For those of you that have been loyal readers over the years, you’re aware that I like to talk about firsts.
“Flatliners” was the first movie in which I invited upperclassmen friends over to watch at my house. I was a soccer player my entire life. I was fortunate enough to make the varsity soccer team as a freshman. I became friends with a lot of people older than me because of that. I had many birthday parties to this point in which I invited a lot of my friends over, but they were always my age or younger. These were older guys that I really wanted to impress with my movie taste.
I was someone that had already seen the film and enjoyed it. My “older” friends had not. I brought them over to meet my family, drink Mountain Dew, and watch it on VHS.
I know: “Flatliners?”
You might ask that, but at the time it was kind of the perfect movie. Interesting, suspenseful, not too scary but scary enough, and there was a ton of old and young talent in that film:
Julia of course (I think she was in every movie in the 90s after “Pretty Woman“), Kiefer Sutherland, Kevin Bacon, William “Billy” Baldwin, and Oliver Platt. Everyone knew Julia at the time, Kiefer was “Donald’s son,” Billy was “Alec‘s little brother” (still is, quite frankly), Kevin Bacon was…well Kevin Bacon (old, well established talent), and Oliver Platt was, “the 90s token, witty, chubby guy.”
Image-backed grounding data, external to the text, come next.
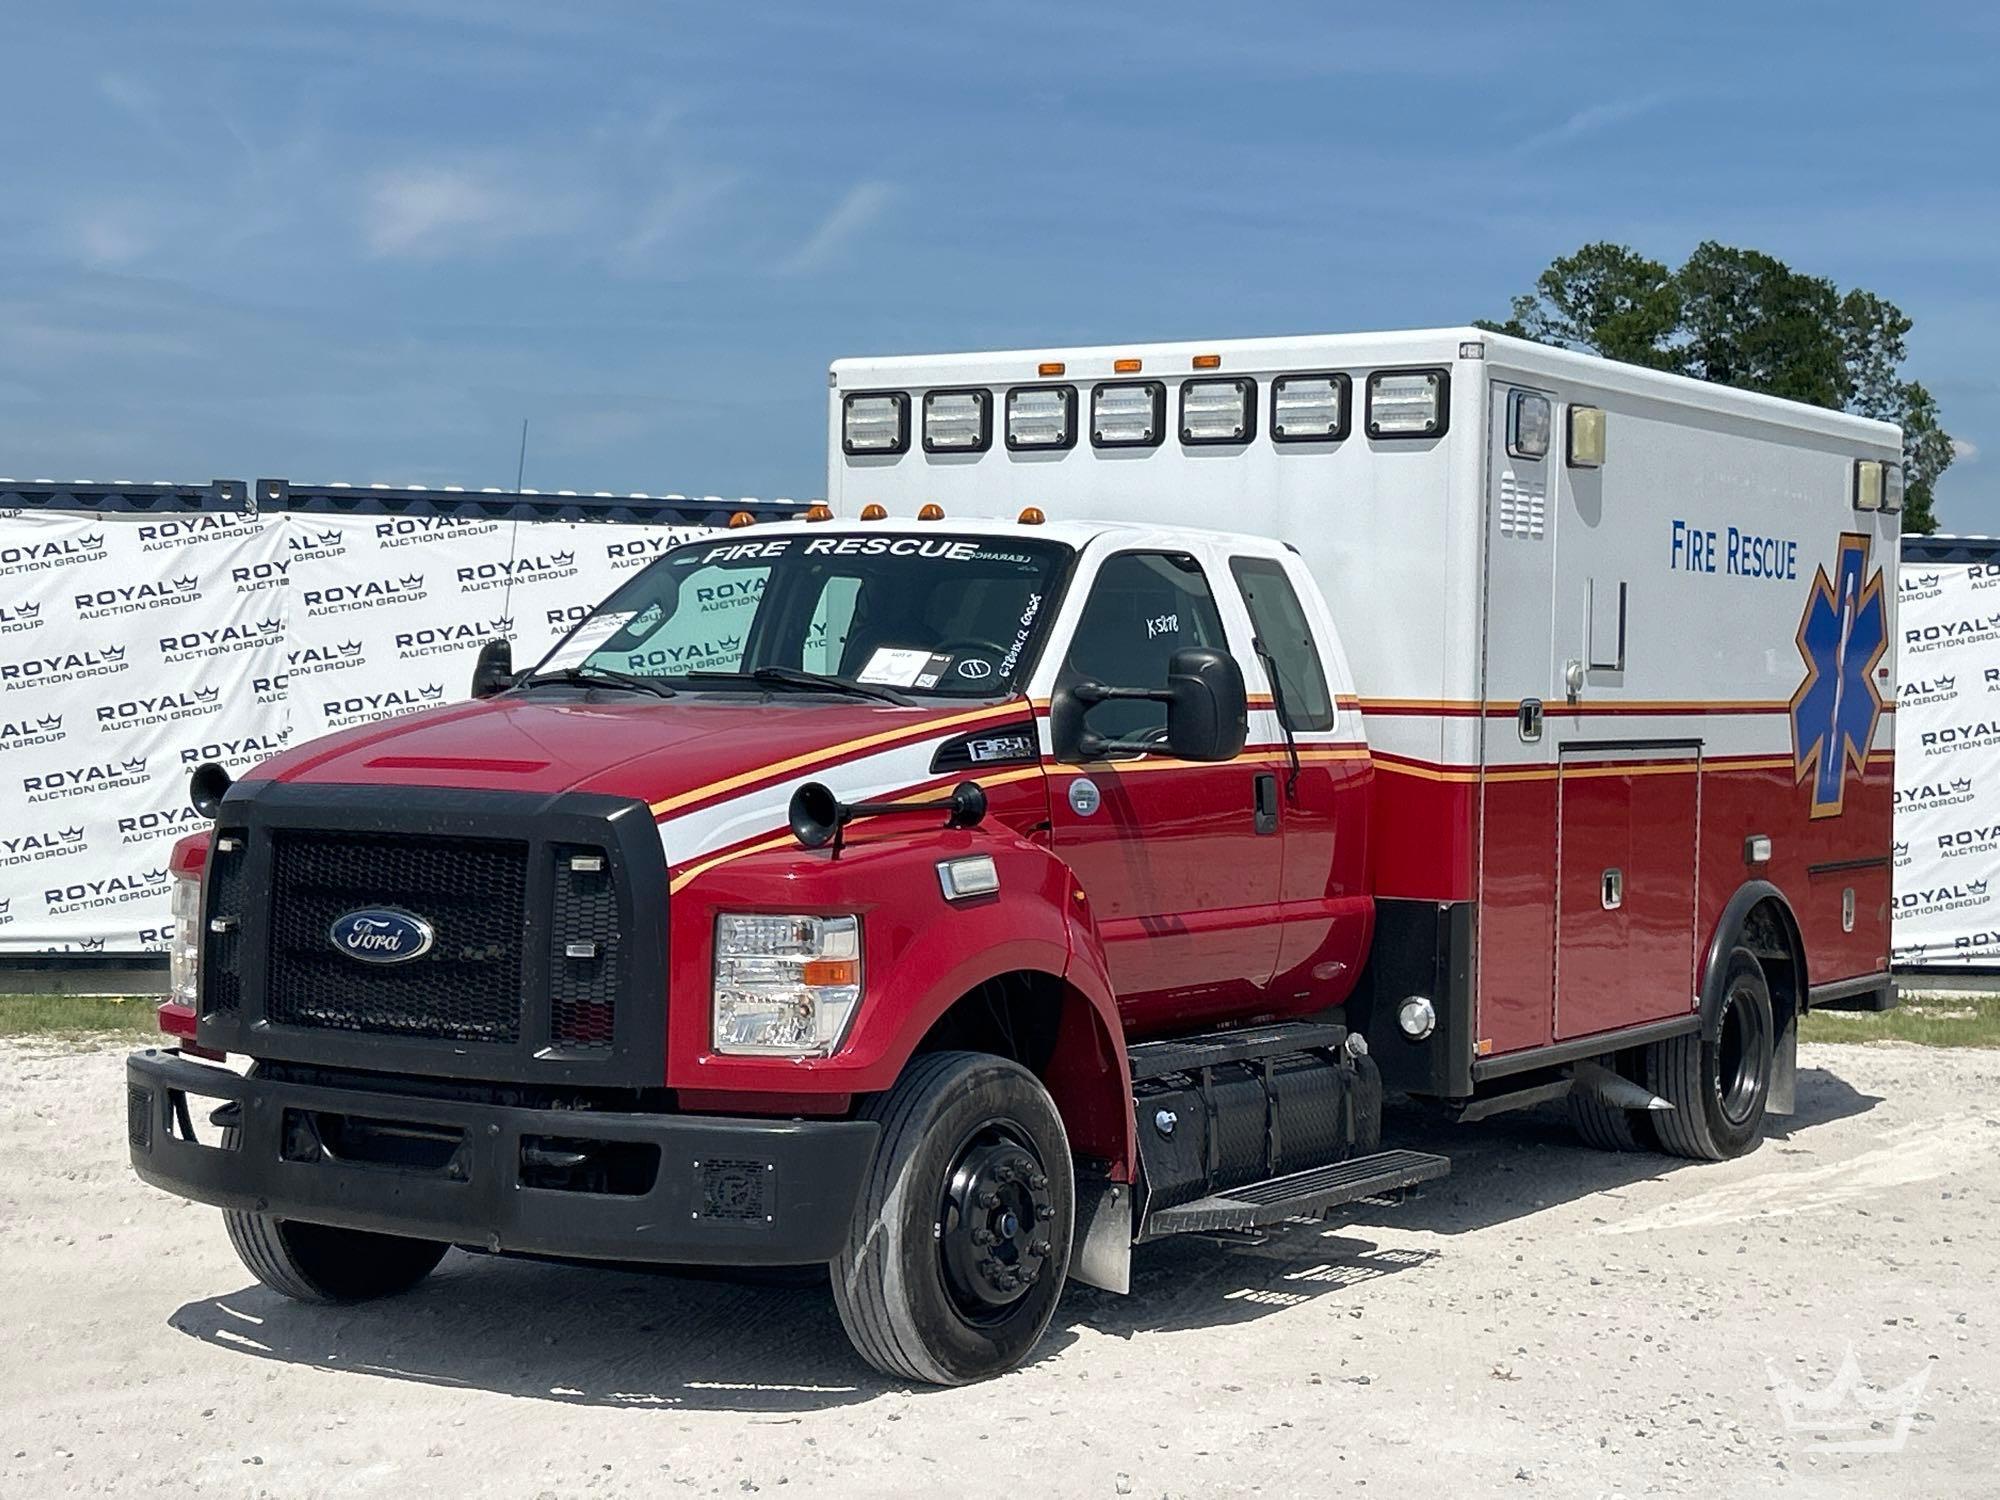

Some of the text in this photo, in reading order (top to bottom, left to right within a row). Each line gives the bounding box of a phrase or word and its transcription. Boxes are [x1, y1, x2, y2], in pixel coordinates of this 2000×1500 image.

[138, 514, 236, 541] ROYAL
[143, 525, 264, 552] AUCTION GROUP
[380, 524, 499, 550] AUCTION GROUP
[0, 540, 80, 563] OYAL
[294, 547, 346, 563] GROUP
[702, 538, 980, 564] FIRE RESCUE
[1671, 520, 1797, 580] FIRE RESCUE
[0, 551, 108, 576] CTION GROUP
[232, 559, 291, 582] ROY
[457, 557, 548, 582] ROYAL
[304, 579, 400, 606] ROYAL
[461, 568, 578, 593] AUCTION GROUP
[697, 577, 768, 602] ROYA
[75, 580, 174, 609] ROYAL
[80, 594, 202, 620] AUCTION GROUP
[307, 591, 428, 617] AUCTION GROUP
[1, 619, 45, 634] ROUP
[160, 624, 257, 652] ROYAL
[396, 622, 490, 649] ROYAL
[1905, 619, 1989, 644] ROYAL
[164, 636, 284, 664] AUCTION GROUP
[288, 646, 338, 666] YAL
[399, 642, 464, 659] AUCTION
[628, 642, 719, 669] ROYAL
[1908, 638, 1965, 654] AUCTION
[1, 652, 101, 680] ROYAL
[6, 663, 129, 691] AUCTION GROUP
[314, 658, 366, 672] GROUP
[97, 692, 195, 721] ROYAL
[323, 690, 419, 716] ROYAL
[101, 704, 223, 732] AUCTION GROUP
[328, 711, 392, 728] AUCTION
[13, 732, 66, 748] GROUP
[180, 735, 277, 764] ROYAL
[1925, 740, 1981, 756] AUCTION
[24, 764, 122, 792] ROYAL
[28, 774, 150, 803] AUCTION GROUP
[1894, 784, 1951, 804] OYAL
[1929, 793, 1974, 809] GROUP
[118, 806, 199, 833] ROYA
[2, 833, 59, 853] YAL
[122, 825, 188, 844] AUCTION
[1938, 825, 2000, 848] ROYA
[35, 843, 88, 861] GROUP
[1941, 842, 1997, 858] AUCTION
[45, 875, 143, 904] ROYAL
[49, 886, 172, 915] AUCTION GROUP
[1892, 895, 1991, 919] UCTION GROUP
[347, 918, 403, 951] Ford
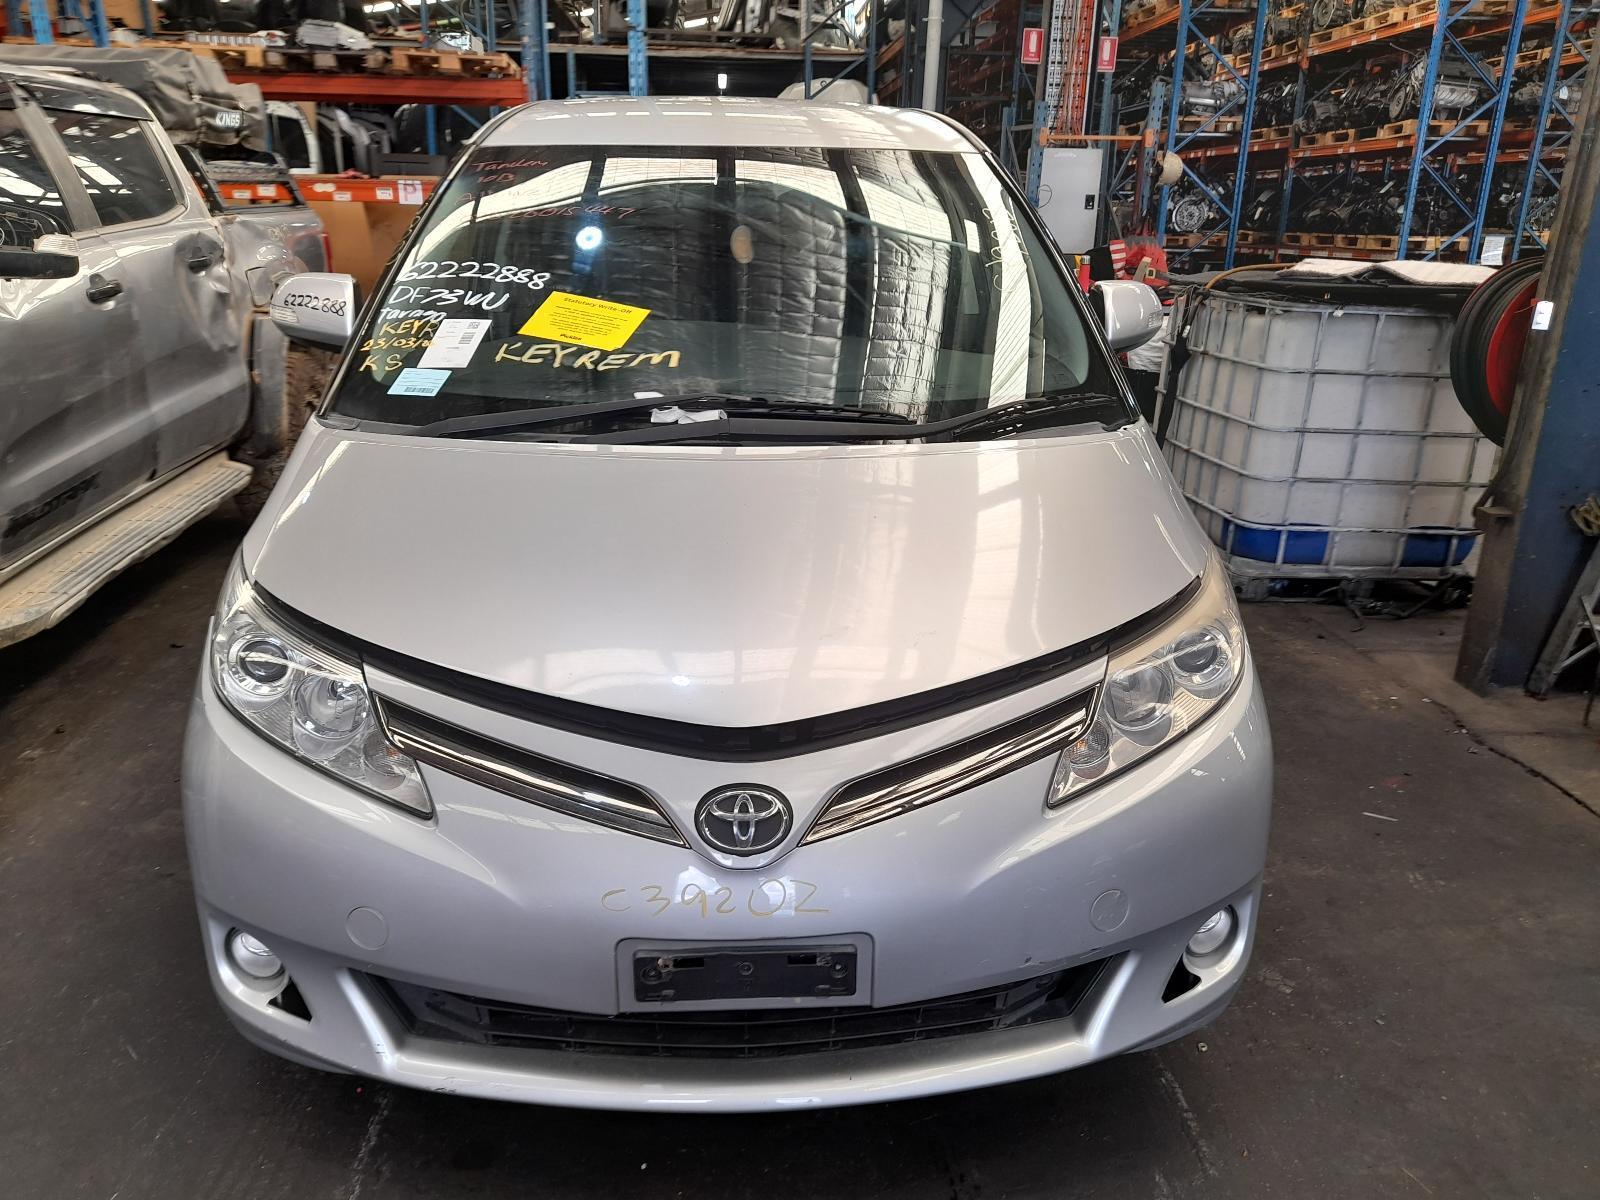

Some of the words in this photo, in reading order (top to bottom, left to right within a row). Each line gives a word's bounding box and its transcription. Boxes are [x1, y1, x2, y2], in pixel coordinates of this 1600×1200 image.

[215, 111, 241, 127] KINGS
[393, 261, 551, 289] 62222888
[283, 293, 347, 316] 62222888
The premise: A number of med students come up with this idea of forcing themselves into a flatline state (really, just killing each other), in which they are under for a short amount of time before being revived again.
The thing that I thought was cool about this was, in theory, you could conduct this type of experiment. They were in a setting in which all of the necessary medical equipment was available and many people have died and been revived in such a manner.
The movement in the story comes when the members that were flatlined start to see the karma of their past looking for a paycheck in the form of the people that they had wronged.
Again, for those that have yet to see this movie, I don’t want to be the one to spoil the details. Just know that there are moments of hilarity amidst an environment that is quite dark and disturbing.
I remember being very thankful for this movie. It helped me show people that I knew what I was talking about when I would recommend a movie. My friends loved it. There were questions afterward that couldn’t be explained (I remember the director using cyclists in a number of different shots)…there was something about the sound of a group of cyclists riding in the dark of night that added to the eerie…
My friend asked me, “What’s with the cyclists?”
I remember being quick on my feet and saying, “I think it is a metaphor for his soul gradually getting away from him.”
My friend nodded his head as he looked at me like I was Buddha.
I really think the director was trying to make his own atmosphere and the cyclists happened to be pretty cool (looking and sounding)…
I’m just glad I was able to impress.